* **WORK INSTRUCTION**
Please repeat the records word for word and skip the pictures.

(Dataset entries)
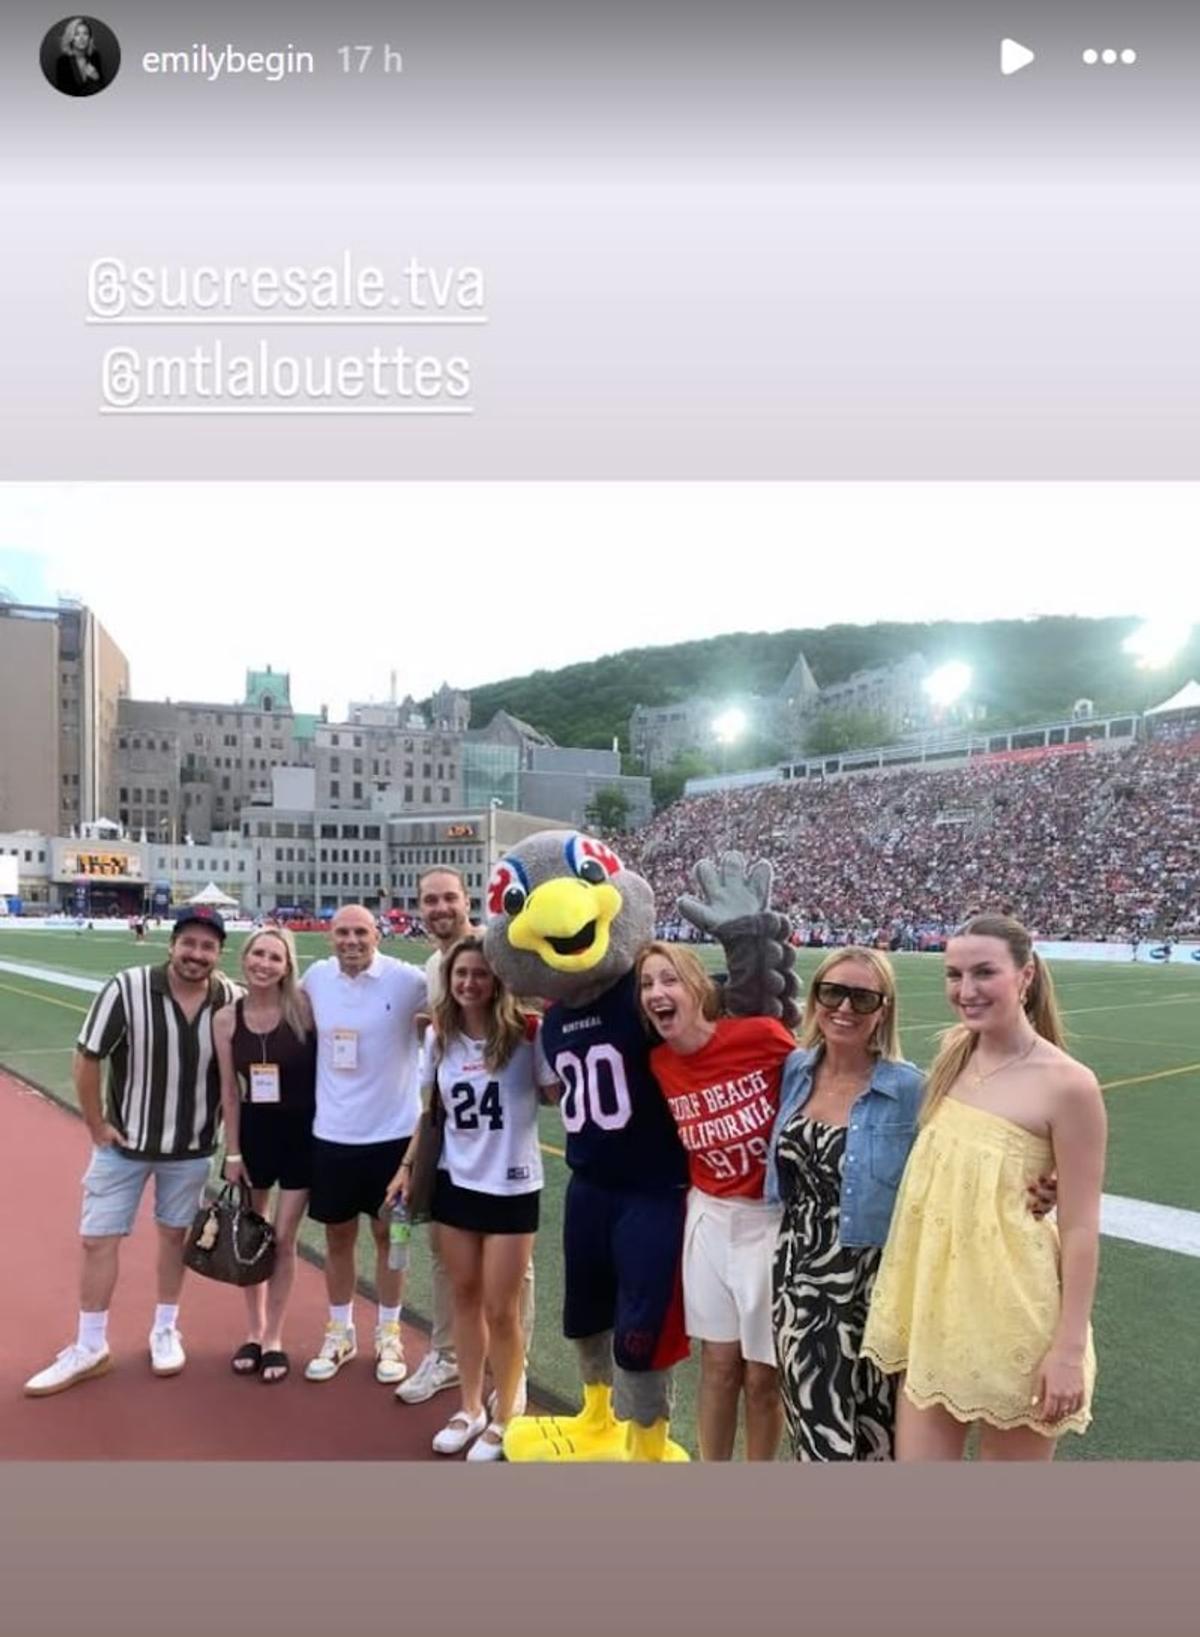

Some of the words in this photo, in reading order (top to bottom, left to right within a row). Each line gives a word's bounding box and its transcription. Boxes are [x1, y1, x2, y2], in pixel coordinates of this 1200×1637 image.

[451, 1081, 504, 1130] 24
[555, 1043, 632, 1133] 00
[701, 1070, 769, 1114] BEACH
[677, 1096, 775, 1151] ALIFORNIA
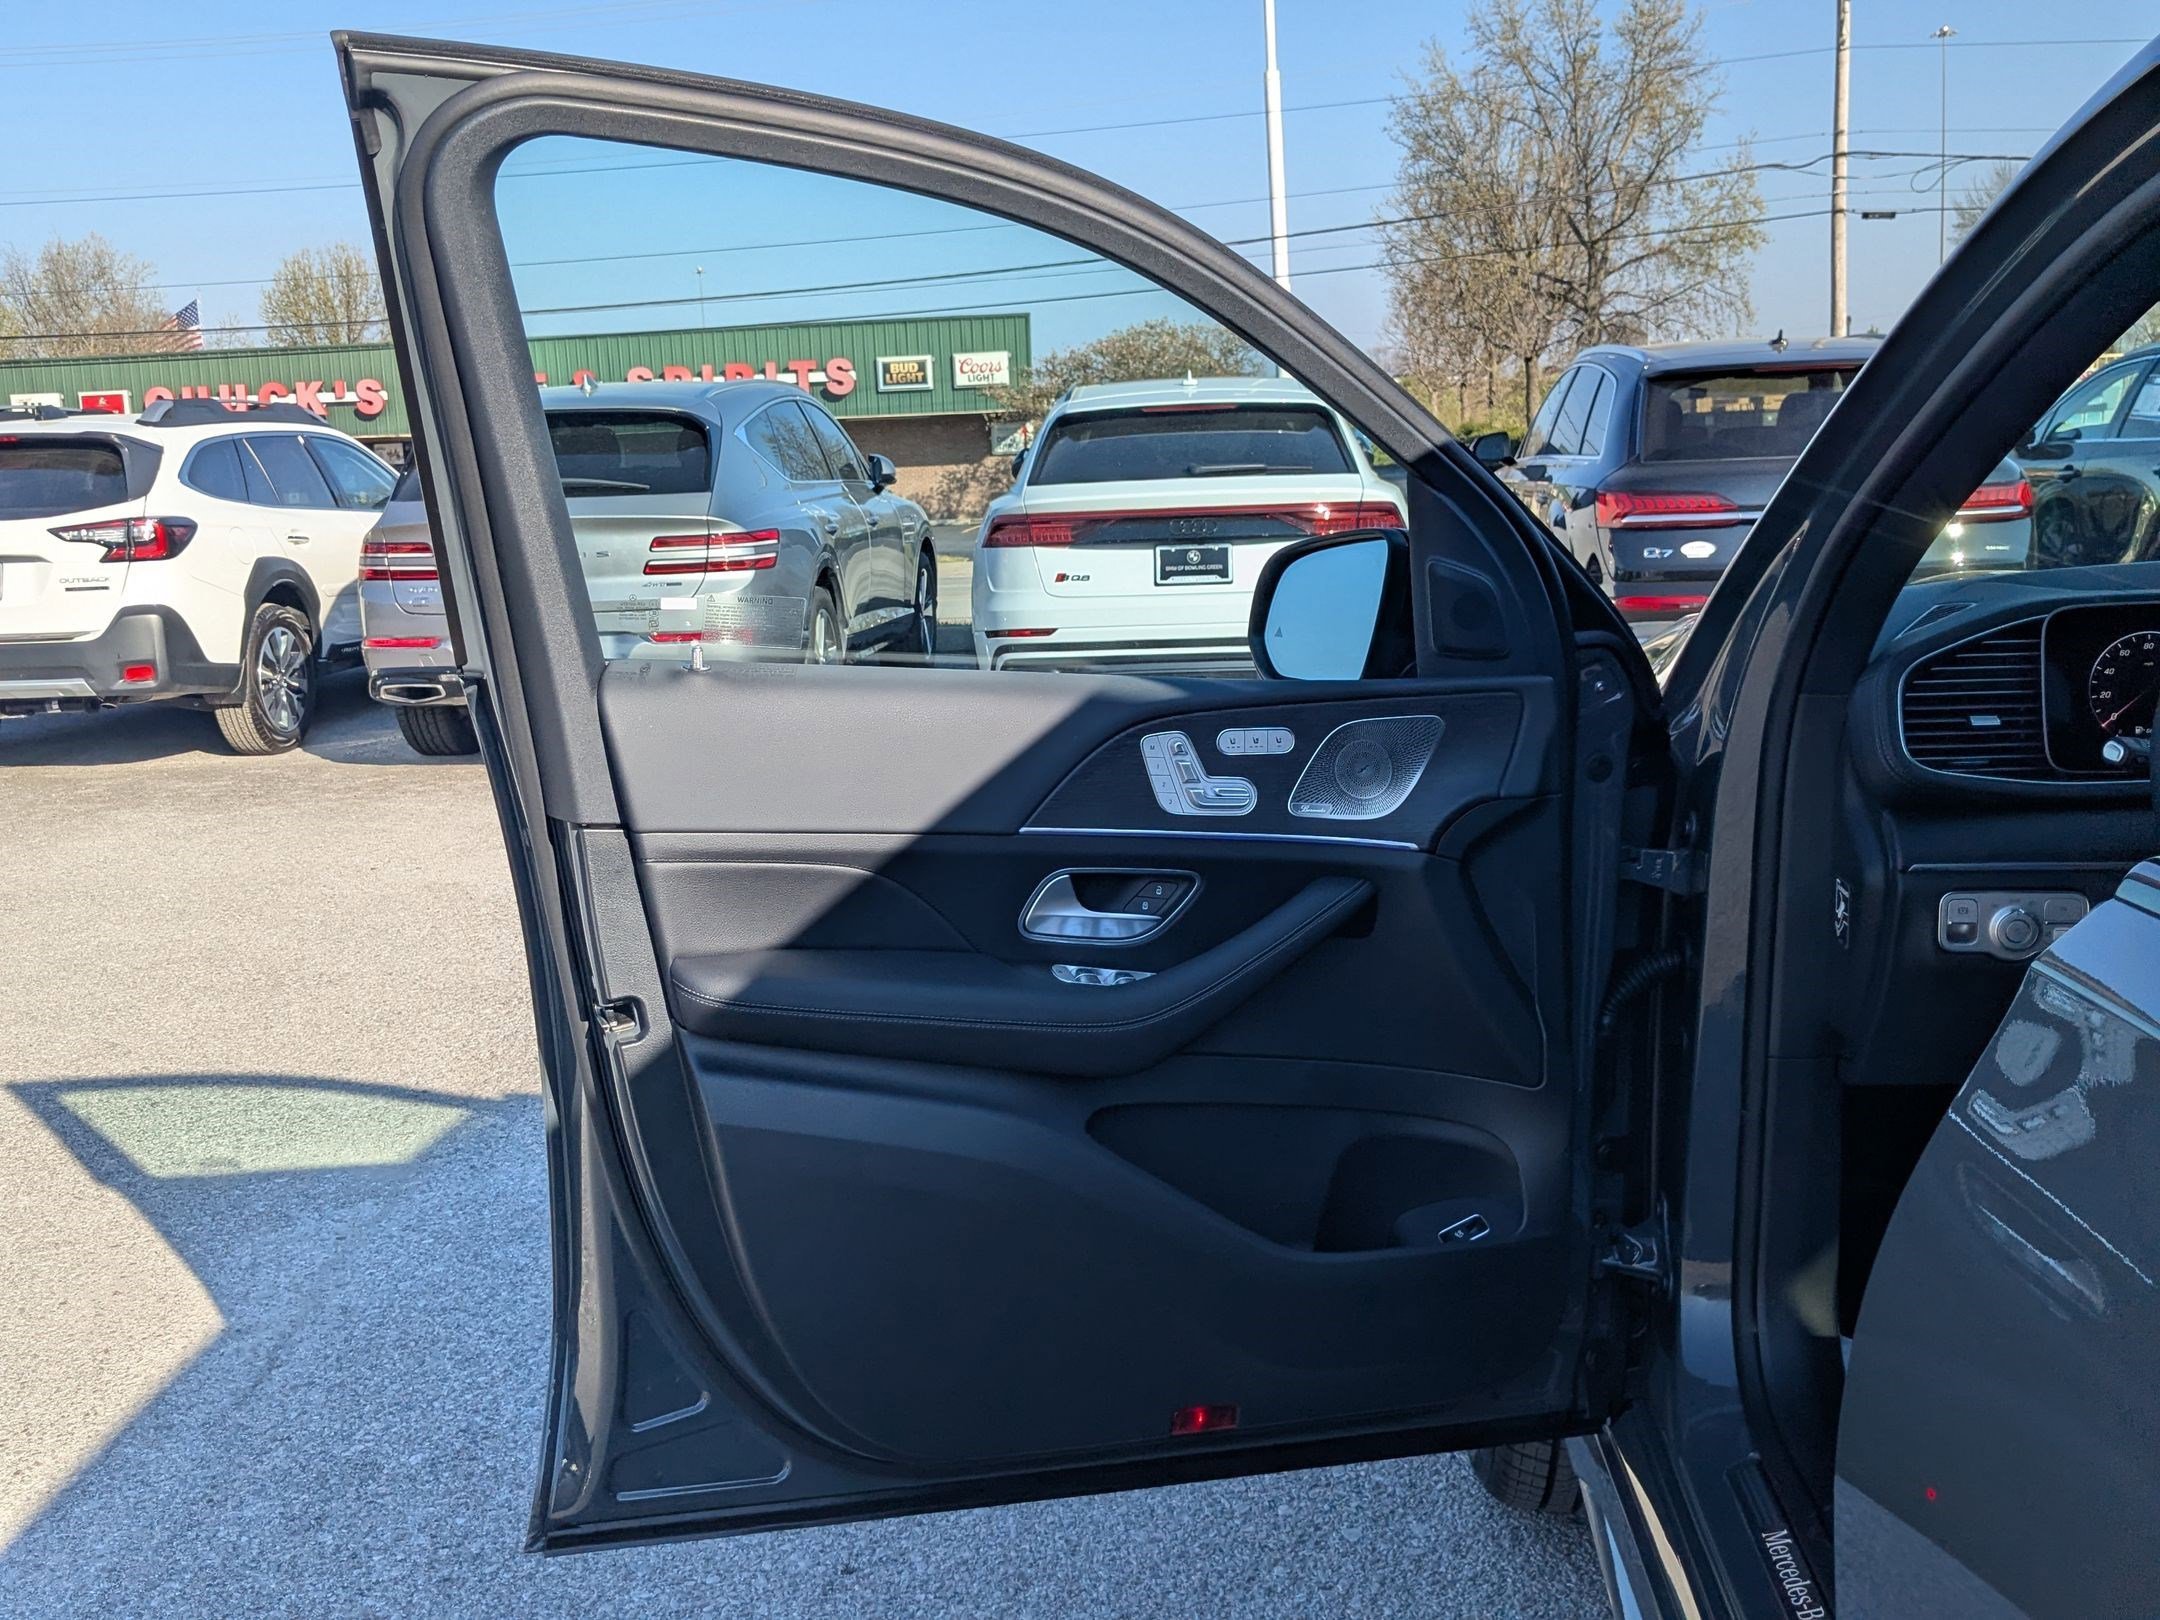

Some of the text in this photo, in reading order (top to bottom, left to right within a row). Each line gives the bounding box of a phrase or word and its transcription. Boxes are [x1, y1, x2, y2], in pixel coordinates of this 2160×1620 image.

* **ANSWER TO THIS PROBLEM**
Some of the words in this photo, in reading order (top to bottom, left to right within a row). Each line gives a word's bounding box and its transcription. Boxes are [x1, y1, x2, y2], in pixel coordinates of this 1200×1637 image.

[451, 1081, 504, 1130] 24
[555, 1043, 632, 1133] 00
[701, 1070, 769, 1114] BEACH
[677, 1096, 775, 1151] ALIFORNIA

Some of the text in this photo, in reading order (top to bottom, left to right within a row). Each line gives the bounding box of a phrase or word and its transcription. Boxes are [x1, y1, x2, y2], in pixel coordinates of this 2160×1620 image.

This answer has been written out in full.